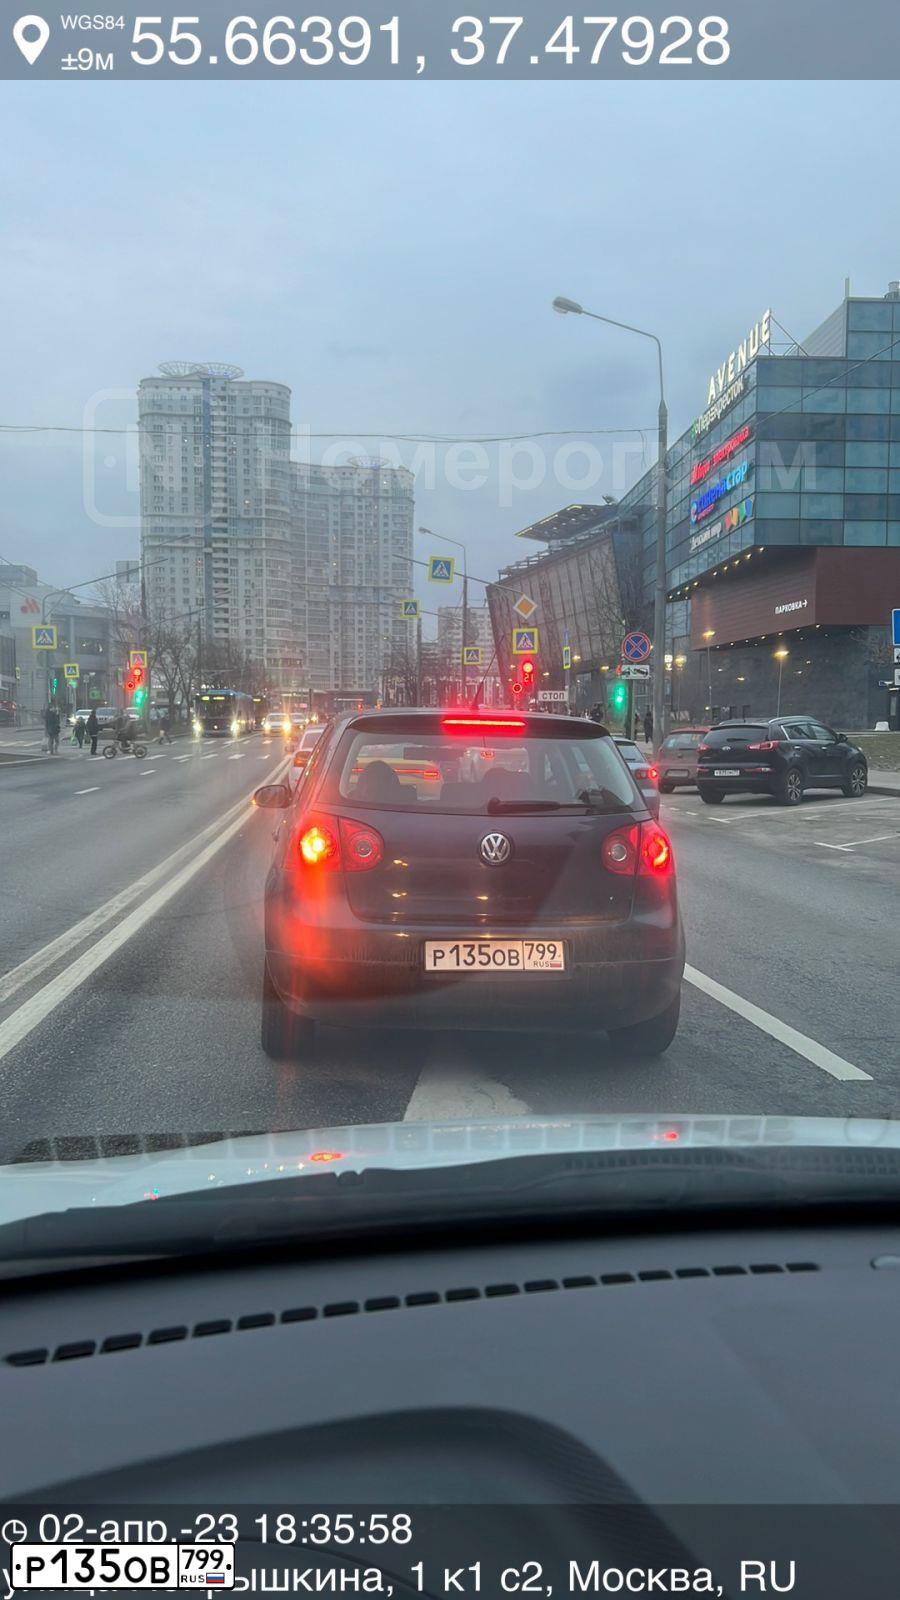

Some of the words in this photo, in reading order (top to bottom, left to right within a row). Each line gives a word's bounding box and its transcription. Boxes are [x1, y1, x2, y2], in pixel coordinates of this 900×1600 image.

[708, 308, 771, 405] AVENUE
[775, 600, 803, 614] ПАРКОВКА
[541, 692, 565, 700] СТОП
[525, 943, 557, 960] 799
[533, 960, 550, 968] RUS

================================

# Description of the task:
Each record must be set down again without alteration, and no picture may be carried over.

# Response:
Some of the words in this photo, in reading order (top to bottom, left to right within a row). Each line gives a word's bounding box and its transcription. Boxes are [x1, y1, x2, y2], in pixel coordinates of this 900×1600 image.

[708, 308, 771, 405] AVENUE
[775, 600, 803, 614] ПАРКОВКА
[541, 692, 565, 700] СТОП
[525, 943, 557, 960] 799
[533, 960, 550, 968] RUS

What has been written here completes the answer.